After he picked her up off the ground (“I can do it myself, dad!”), Hermione followed her father to the table and sat down between her parents, her back to the large window that faced the now semi-populated, still glowing street.

“Good Morning, mum,” Hermione said while preparing her toast with blackberry jam.

“Top of the morning to ya, love!” Mrs. Granger said with a laugh, trying to cheer up her obviously worried daughter. “Good dreams last night?”

Hermione just shrugged, still staring aimlessly at her toast. Her parents knew that she was worried about the start of term and had decided to not bring it up unless Hermione did, in which they would try to be as encouraging as possible.

“So the weather is supposed to be beauti——“ started Mr. Granger but was interrupted by fumbling outside that sounded like someone attempting to ring the doorbell until the unknown visitor gave in and knocked politely.

“Who could be wanting a visit this early?” Mrs. Granger wondered aloud as she rose from her chair and made her way to the front door that was just around the corner from the kitchen.

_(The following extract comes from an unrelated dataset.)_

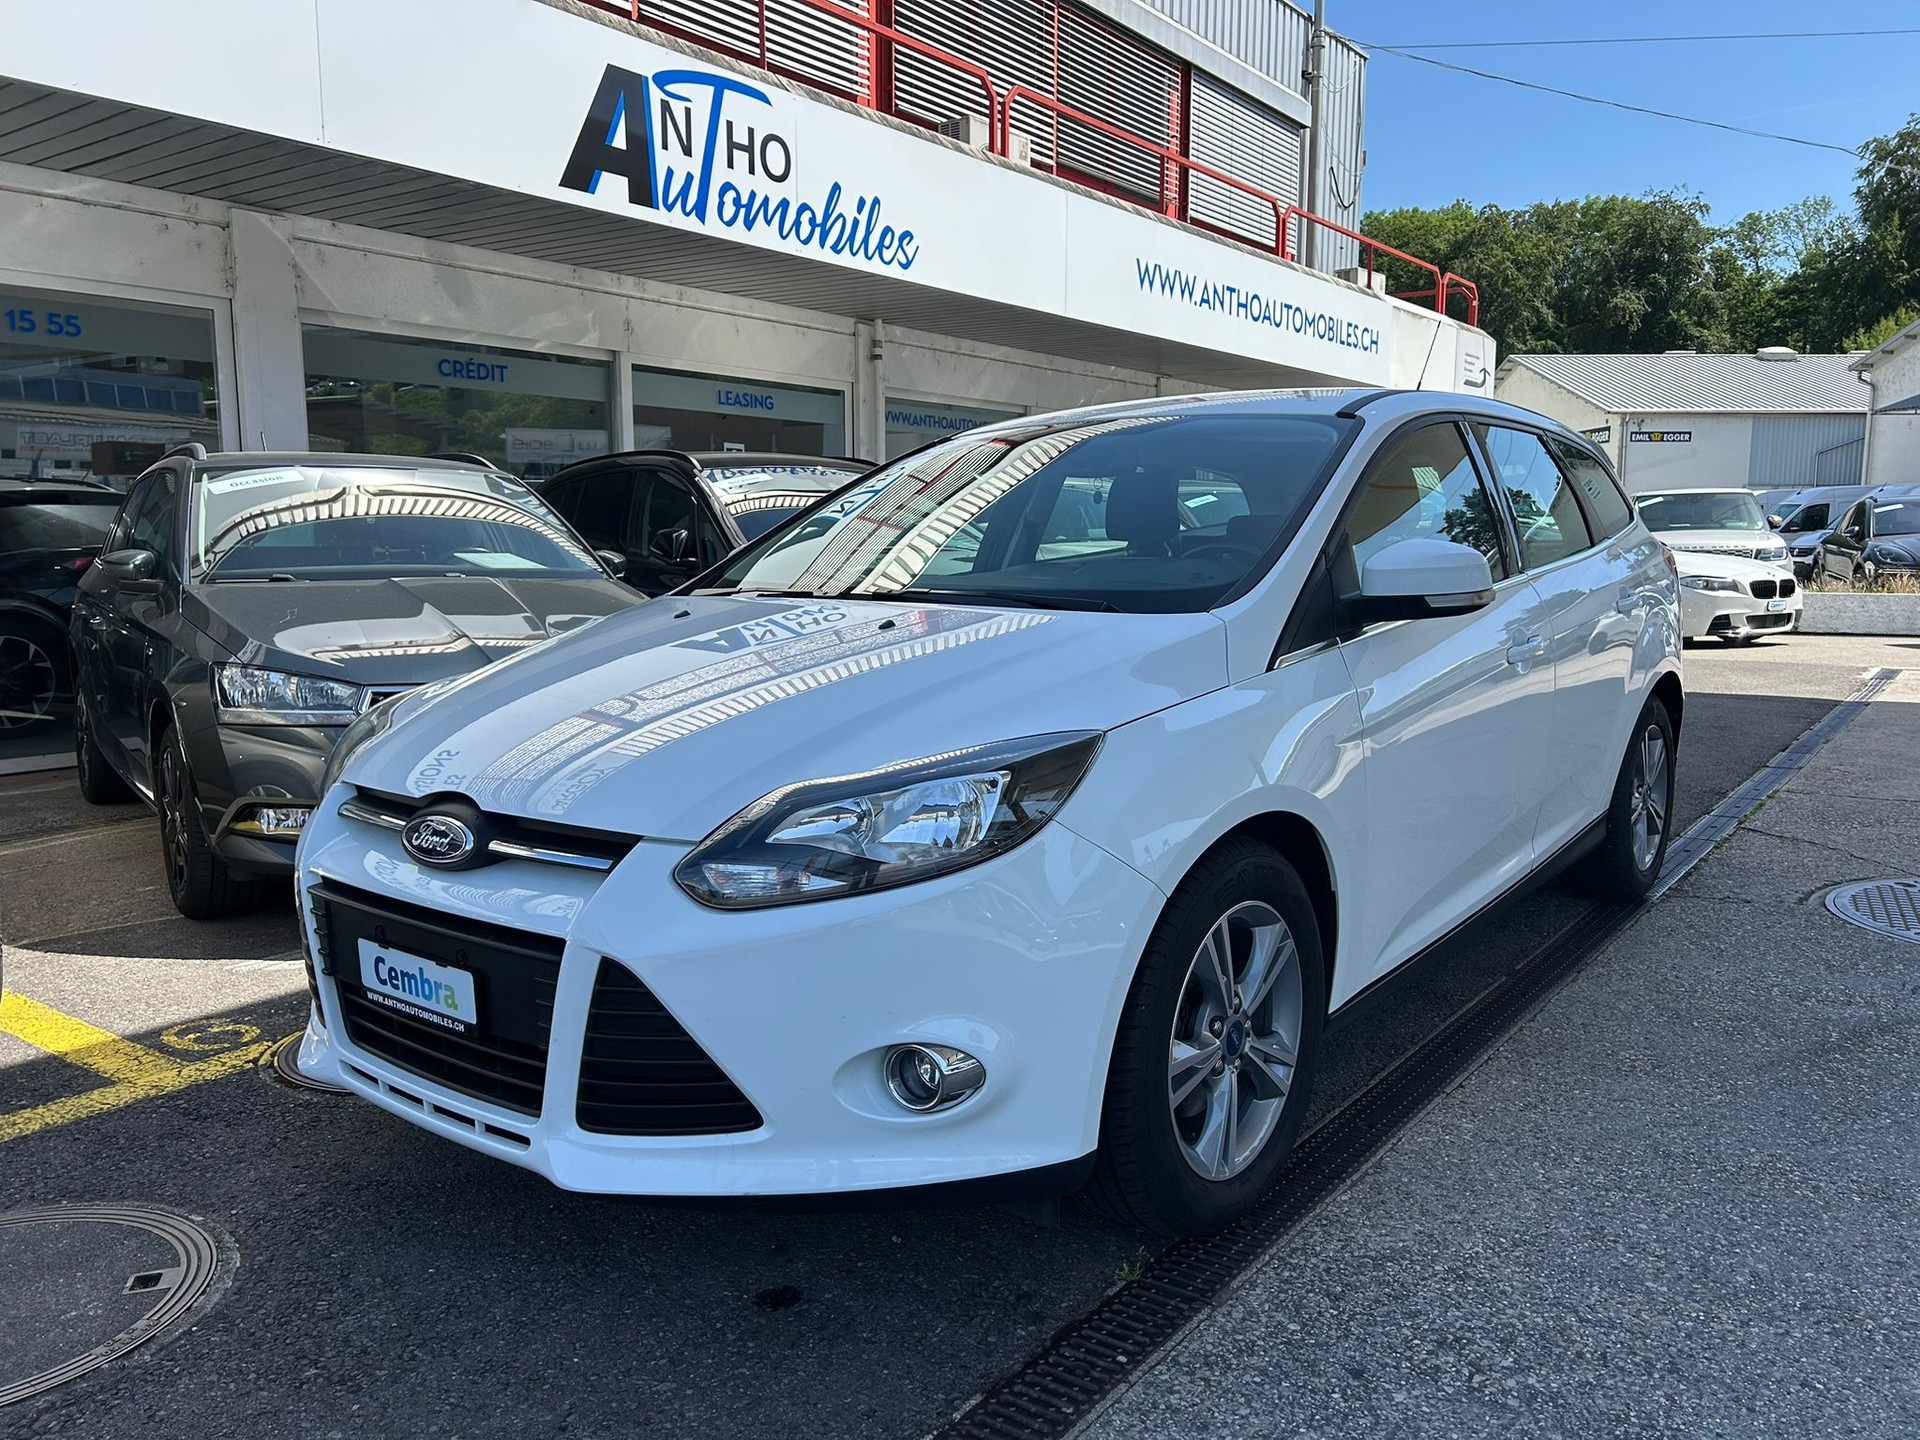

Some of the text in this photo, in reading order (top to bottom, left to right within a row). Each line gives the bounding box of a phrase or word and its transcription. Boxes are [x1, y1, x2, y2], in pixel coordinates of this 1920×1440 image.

Mrs. Granger looked back at Hermione, who had followed her mother and was now peeking around the corner to try and steal a look at the visitor, and made a silly face at her that said something like “I have no clue” before opening the door to see a woman glowing in the dancing sun that looked as though she had never made a silly face in her life.

The rather severe looking woman with square shaped spectacles resting on the very tip of her nose had her black hair pulled tightly into a bun and was wearing a quite odd looking dress. The two women stared at each other for a moment, Mrs. Granger wearing a look of friendly bewilderment and the other a matter-of-fact, yet excited, face.

The stranger out stretched a hand to Mrs. Granger and confidently said “Hello. I am Professor McGonagall. Is this the residence of Ms. Hermione Jean Granger?”


End file.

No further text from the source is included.